Korea’s research and development projects have fallen short of attaining efficient outcome compared to the money spent on them, an expert said. It requires a comprehensive improvement by, for instance, working out long-term R&D policy and changing agencies that educate and manage them, he added.
“The government’s R&D budget can hardly be said as small compared with the nation’s economic size,” said Sung Seung-yong, director of Wide River Institute of Immunology of Seoul National University. “But the results have been meager so far. Agencies that control state budget and systems have to make more effort.”
He made these and other points at a symposium to commemorate the release of “The report of Korean medical research achievement 2015” at Yonsei Cancer Hospital 연세암병원 under the auspices of National Academy of Medicine of Korea(NAMK)대한민국의학한림원 Wednesday.
According to Sung, Korea’s R&D budget a year totaled 63 trillion won ($55.8 billion) in 2014 -- 48 trillion won from the private sector and 15 trillion won from the government and public resources.
The amount accounts for 4.29 percent of the gross domestic product, higher than Japan’s 3.59 percent, Germany’s 2.9 percent, France’s 2.26 percent, the U.K.’s 1.7 percent, China’s 2.05 percent and the U.S.’s 2.74 percent (as of 2013).
Korea has also shown the highest average growth rate of annual R&D spending from 2008 to 2014 except for China. Sung pointed out, however, the Korean R&D projects’ cost-effectiveness remains low.
The number of papers published in international journals such as Cell, Nature, and Science, from 2014 to 2016, was a mere 134, a fractional 7.3 percent of those released by the United Kingdom, which spent far less money on R&D than Korea. It means the R&D investment cost per paper published in these journals was sharply higher than that in advanced countries.
The number of newly developed drugs approved by the Ministry of Food and Drug Safety (MFDS)식품의약품안전처 also stood at only 29 from 1999 to 2017, compared with 41 new drugs approved by the U.S. Food and Drug Administration(FDA) 미국 FDA in 2014 alone.
“The government spent 1.4 trillion won on bio R&D, but I doubt whether the research results provide benefits to people,” Sung said. “The biggest problem is the research results aren’t connected to businesses.”
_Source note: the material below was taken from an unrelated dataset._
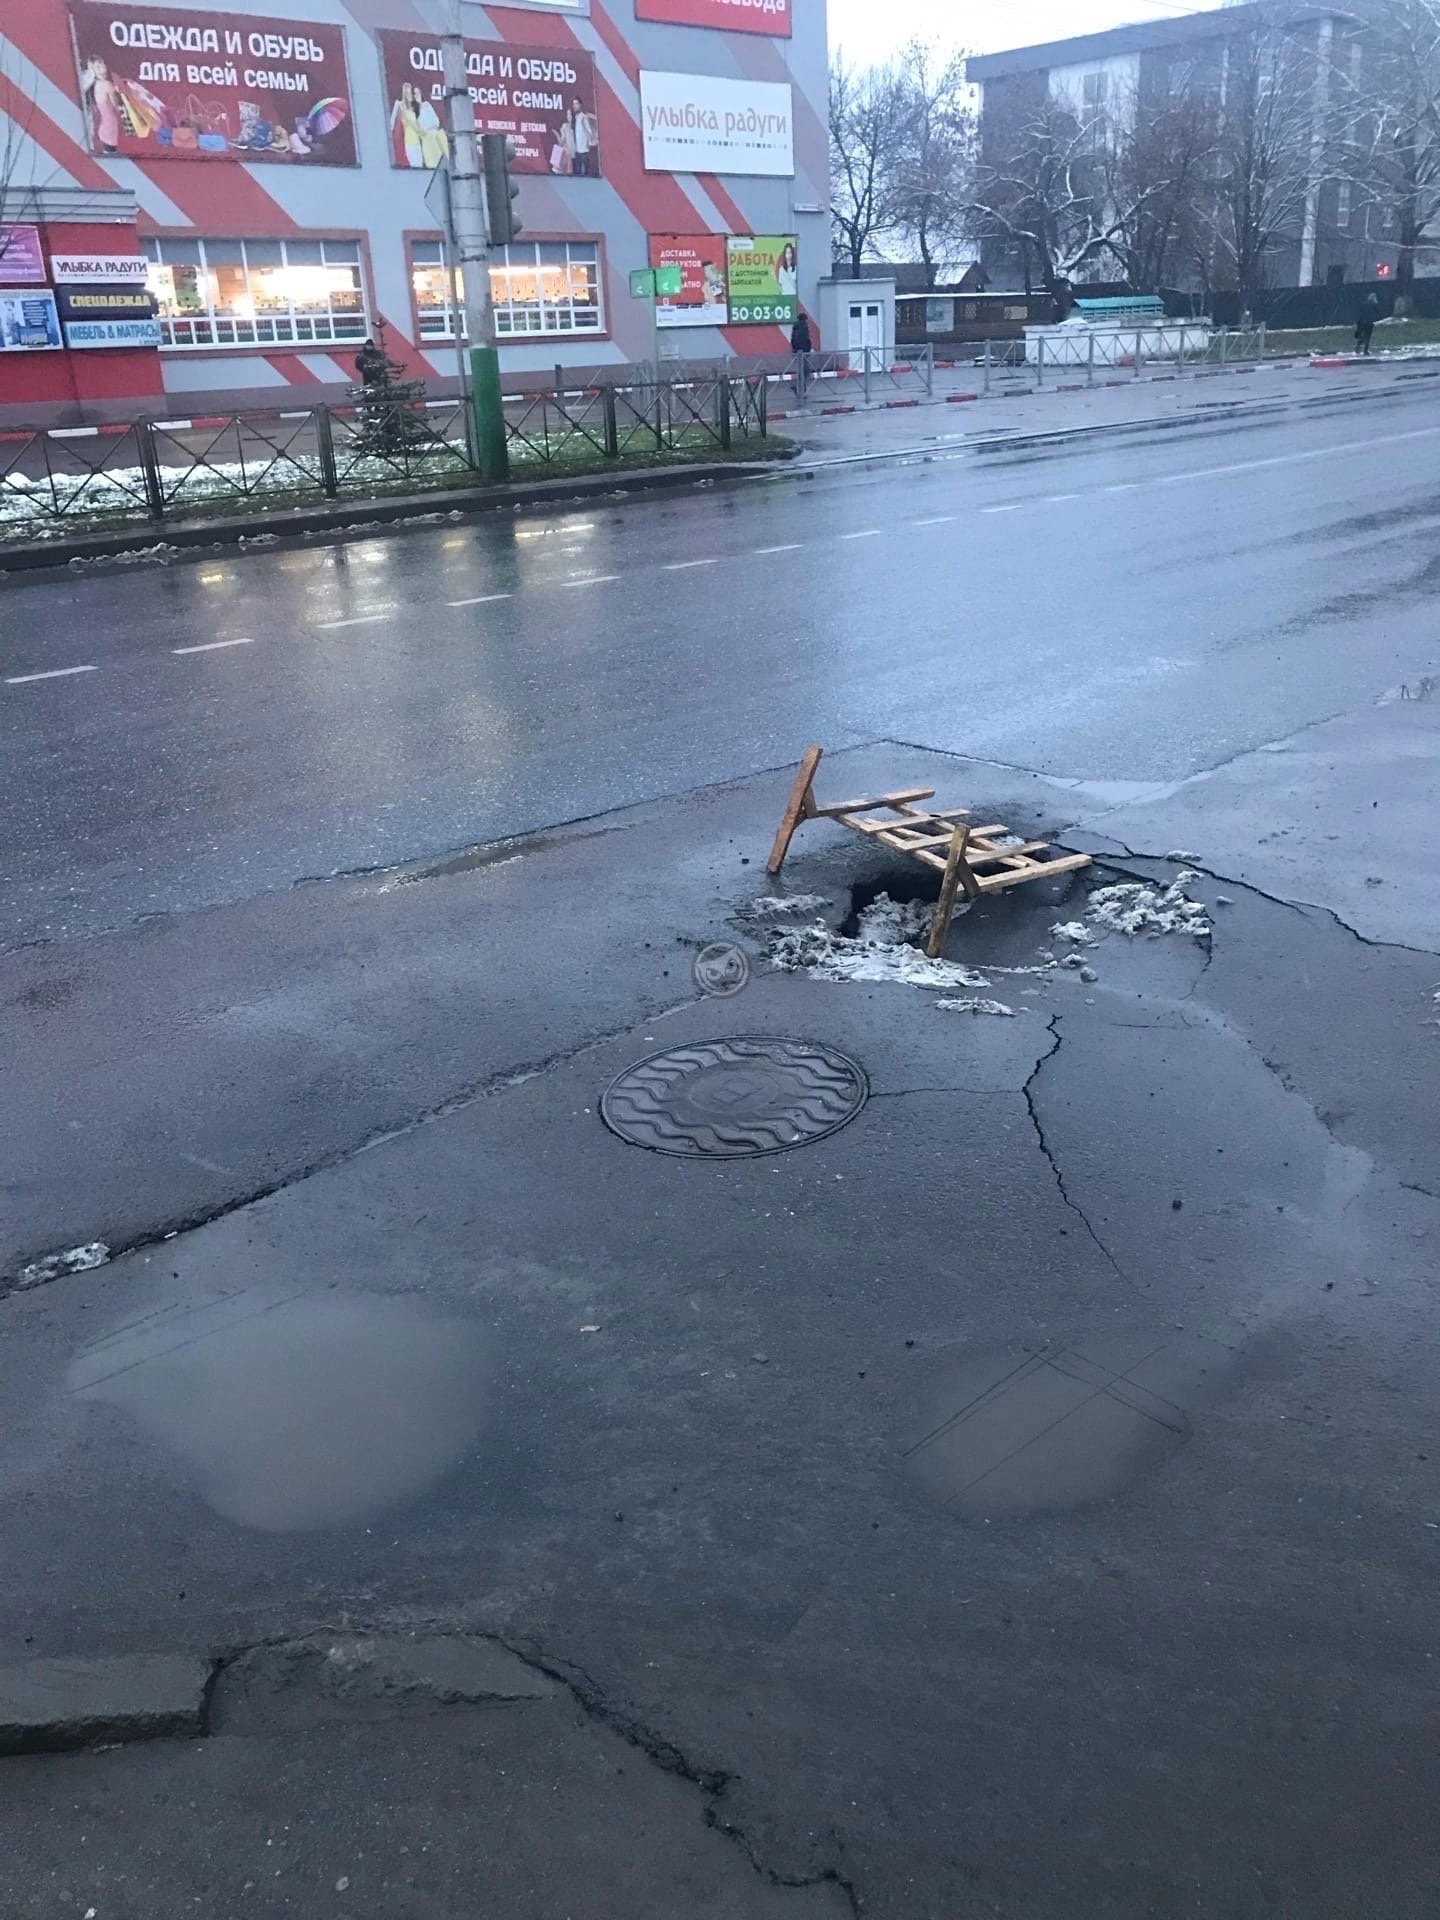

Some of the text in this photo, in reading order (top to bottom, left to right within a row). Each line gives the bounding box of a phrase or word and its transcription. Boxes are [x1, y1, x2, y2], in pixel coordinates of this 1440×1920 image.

“Securing R&D workforces is another serious problem,” he said. “Doctors and life scientists have to cooperate for biological research, but the relationship isn’t going well. And many young researchers gave up research or went abroad and didn’t come back because of excessive adherence to short-term performance and the lack of independent research atmosphere.”
Sung noted it is necessary to make long-term R&D policy for researchers to produce results steadily.
“The government needs to work out support formula in keeping with researchers’ life cycles, and create a system to provide extensive aids on the selected workforce,” he said. “It has to protect talented researchers who can produce outcomes.”
Also needed is selecting and simplifying agencies that manage bio R&D, he stressed.
“Different government ministries are now separately managing bio R&D projects according to their stages,” Sung pointed out. “They began interagency project 10 years ago and had managed to tear down ministerial walls somewhat, but still have a long way to go. The government should allocate projects to related ministries to make their planning, outcome distribution and evaluation is made in total cycles, while the Ministry of Science and ICT(MSIT)과학기술정보통신부 controls overall procedures.”